Ultimately, the energy I expended on my anxieties left too little in reserve to support my denial of the fact that something was wrong. Even so, I might well have continued on with this behavior except for my serendipitously running into Dr. G. Frederick Wooten cruising a back hallway of my department. Better known as “Fred,” Wooton was a short, well-built man in his sixties, with a full head of black hair. He was completing a long stint as chair of the University’s neurology department. He was a nationally renowned specialist in movement disorders, of which Parkinson’s disease is the most common and most widely known.

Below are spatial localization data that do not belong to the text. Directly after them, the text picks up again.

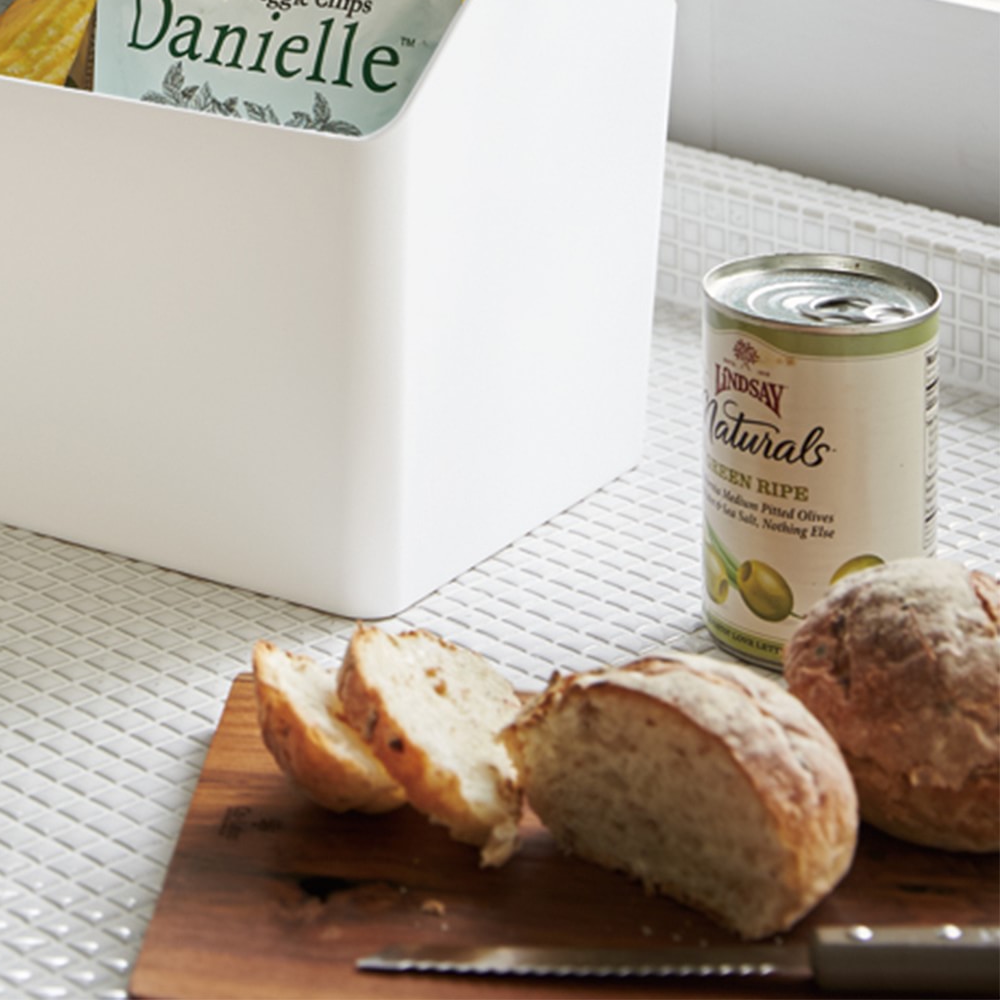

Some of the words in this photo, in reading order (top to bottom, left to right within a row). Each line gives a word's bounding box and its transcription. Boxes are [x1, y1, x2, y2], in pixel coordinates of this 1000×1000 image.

[757, 478, 809, 502] RIPE
[722, 488, 759, 511] Medium
[761, 502, 796, 520] Pitted
[797, 508, 835, 523] Olives
[762, 518, 808, 540] Nothing
[810, 525, 836, 539] Else

Fred hadn’t seemed to be in any particular hurry. Rather, he appeared to welcome the unexpected opportunity to speak off-line with a fellow fly fisherman and department chair. It seemed to me the right time to test divesting the armor of denial in which I had clad myself. On a whim, I showed him the movement that troubled the fingers of my left hand. He watched silently for a long moment, during which the minuscule trembling grew in my view to outsized proportions.

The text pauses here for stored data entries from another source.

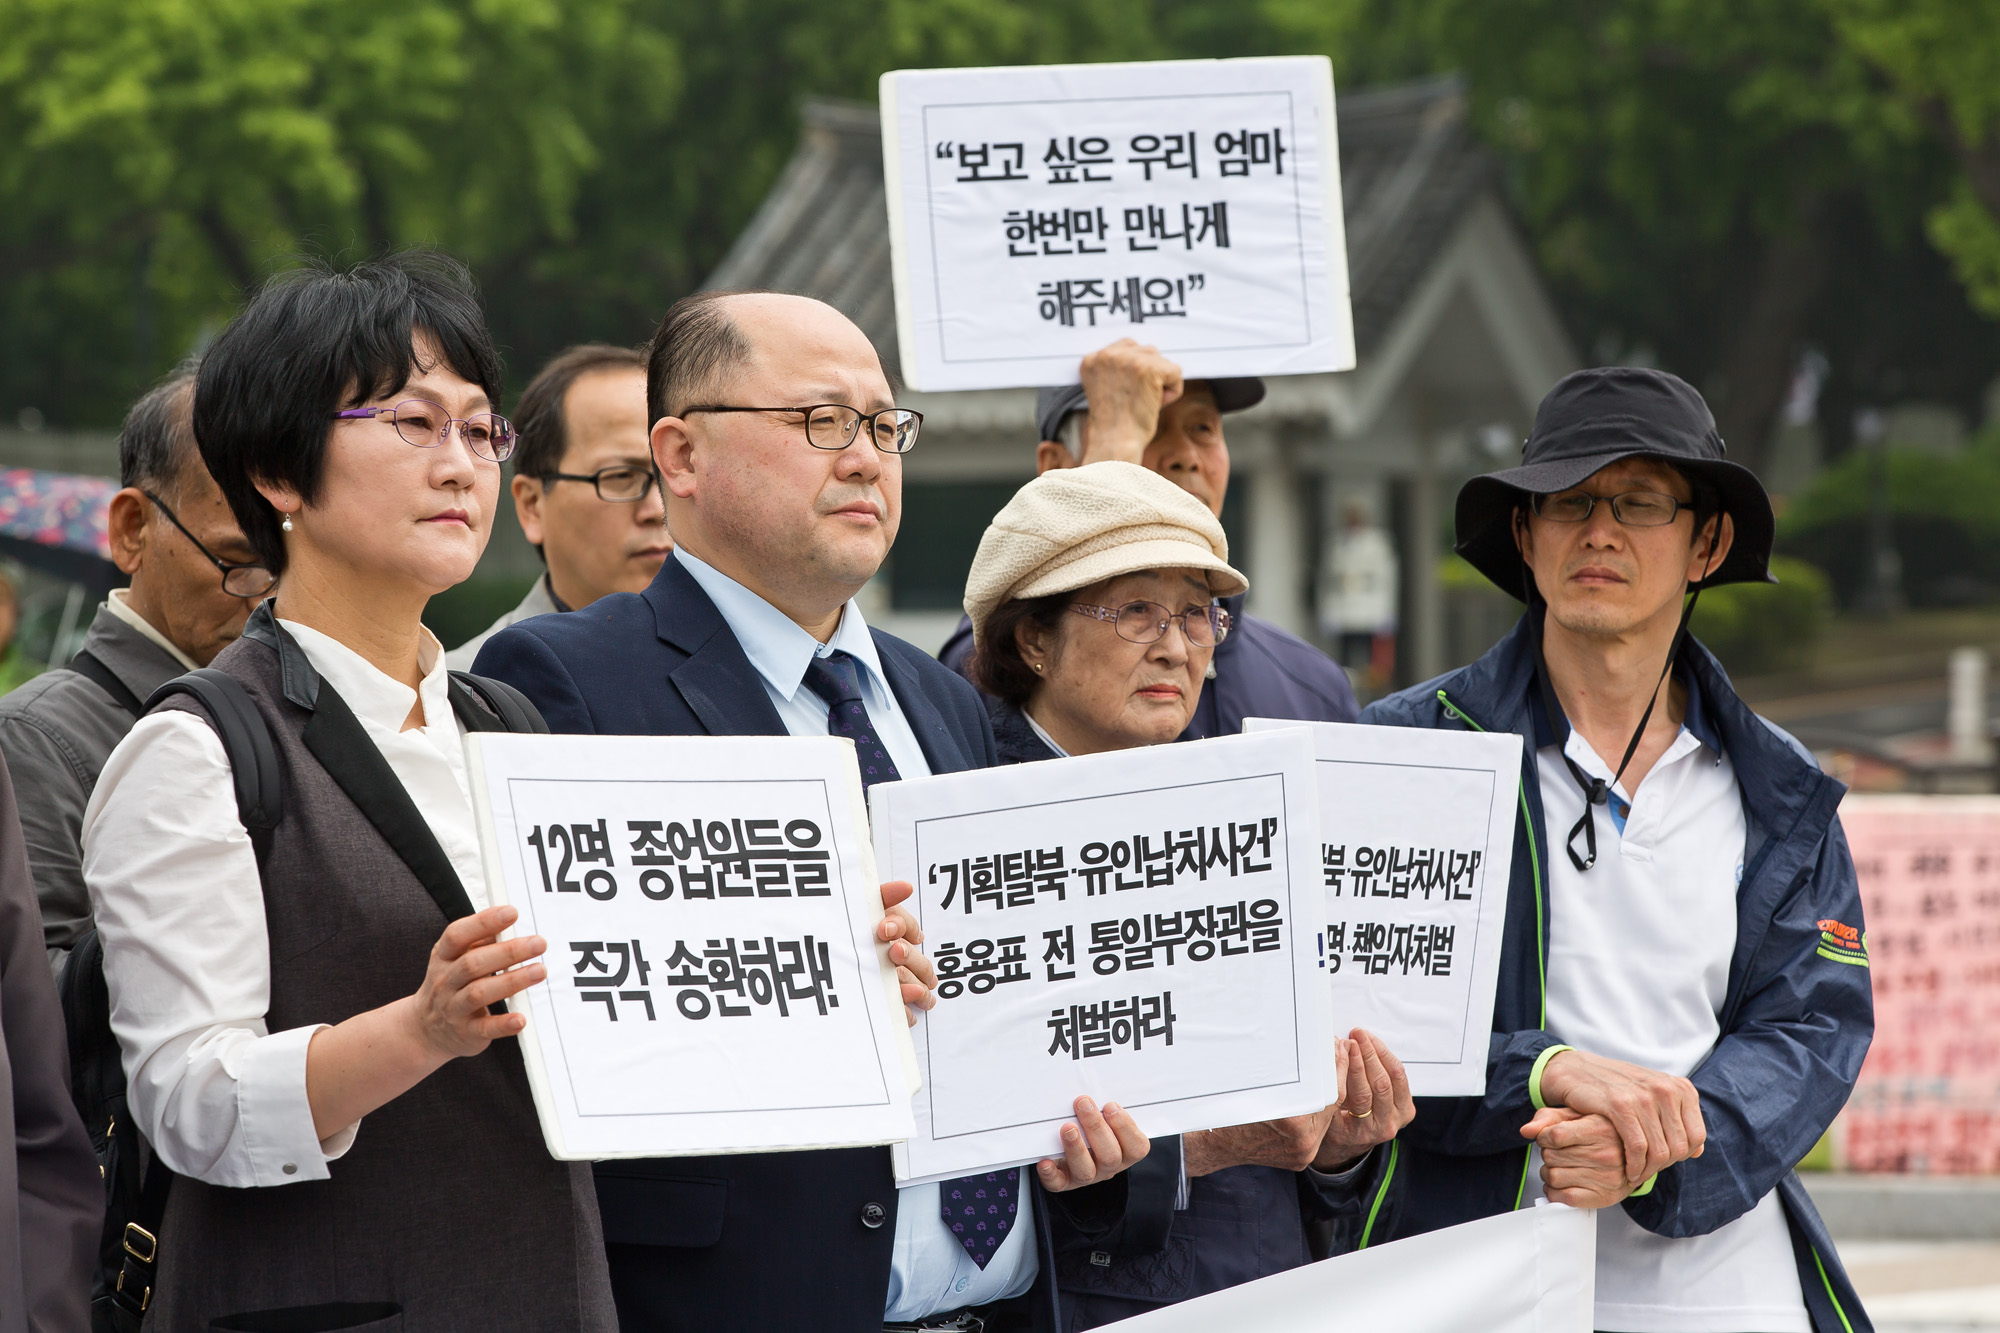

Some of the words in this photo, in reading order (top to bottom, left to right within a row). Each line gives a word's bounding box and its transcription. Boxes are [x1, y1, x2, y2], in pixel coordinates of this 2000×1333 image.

[936, 141, 1029, 183] “보고
[1043, 136, 1114, 185] 싶은
[1128, 131, 1198, 181] 우리
[1214, 128, 1287, 178] 엄마
[1002, 207, 1109, 257] 한번만
[1124, 201, 1230, 252] 만나게
[1037, 273, 1205, 327] 해주세요!”
[527, 818, 618, 901] 12명
[627, 818, 832, 901] 종업원들을
[1322, 843, 1482, 901] 북·유인납치사건’
[569, 939, 657, 1022] 즉각
[665, 935, 840, 1021] 송환하라!
[932, 935, 1031, 1000] 홍용표
[1042, 924, 1076, 983] 전
[1088, 898, 1283, 976] 통일부장관을
[1046, 991, 1177, 1061] 처벌하라

Fred asked me a few questions. Was the tremor intermittent or constant? What helped make it better? Did it worsen in cold temperatures? Did it become more pronounced if I were anxious or excited? Beyond that, Fred didn’t say much…just that I should make an appointment to meet with him in his clinic. The hard clap he delivered to my shoulder before heading off seemed to me more a diagnostic test than a friendly gesture of farewell.

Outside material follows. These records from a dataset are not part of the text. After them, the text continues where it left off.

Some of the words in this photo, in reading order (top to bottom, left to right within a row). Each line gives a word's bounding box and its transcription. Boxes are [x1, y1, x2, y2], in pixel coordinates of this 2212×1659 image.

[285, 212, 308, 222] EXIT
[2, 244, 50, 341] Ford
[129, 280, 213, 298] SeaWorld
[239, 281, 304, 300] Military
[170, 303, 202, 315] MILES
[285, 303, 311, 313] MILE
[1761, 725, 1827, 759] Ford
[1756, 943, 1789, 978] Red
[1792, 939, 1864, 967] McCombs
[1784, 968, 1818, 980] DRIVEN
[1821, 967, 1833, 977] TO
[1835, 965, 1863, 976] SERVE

That night, I first dreamt what I now refer to as “my dream.” Repeated on a number of occasions since, unwelcome images creep into mindfulness as my consciousness crosses the blurred border between wakefulness and sleep. The images come slowly at first, then cinematically, roiling like clouds before a storm. I see myself plummeting downward from a great height towards rugged, uneven terrain. The descent pares from the periphery of my vision distant granite-strewn mountains, the mercurial glint of a river snaking through bare-limbed forests, until my fall abruptly comes to rest. I hover above a glass terrarium built to human scale. My eyes penetrate its transparency, magnifying, focusing, and cropping the limits of my vision until the reclining figures of a man and a woman fill the frame. The pair sprawl on tussled sheets. Intertwined body parts paint an abstraction of sharply drawn angles, filtered and processed by subconscious memory until every line is elevated into sharp relief. I record the curve of a shoulder, a well-shaped arm. My eyes scan past the man’s elbow and wrist to linger on the first three digits of his left hand. A leitmotif, familiar in sleep but defying waking recognition, signals something momentous is about to be revealed. The music crests. A faint, rhythmic trembling alternately slides into focus and blurs the man’s fingertips.

Sleep has returned me to these images many times. They come unpredictably. Despite their familiarity, I am perpetually surprised. As with a musical rondo, the possibilities for variation are infinite. Despite my best efforts, I cannot identify the willowy, long-limbed woman who haunts my dream. Although there are similarities, the woman is not Jane. The man is undeniably I.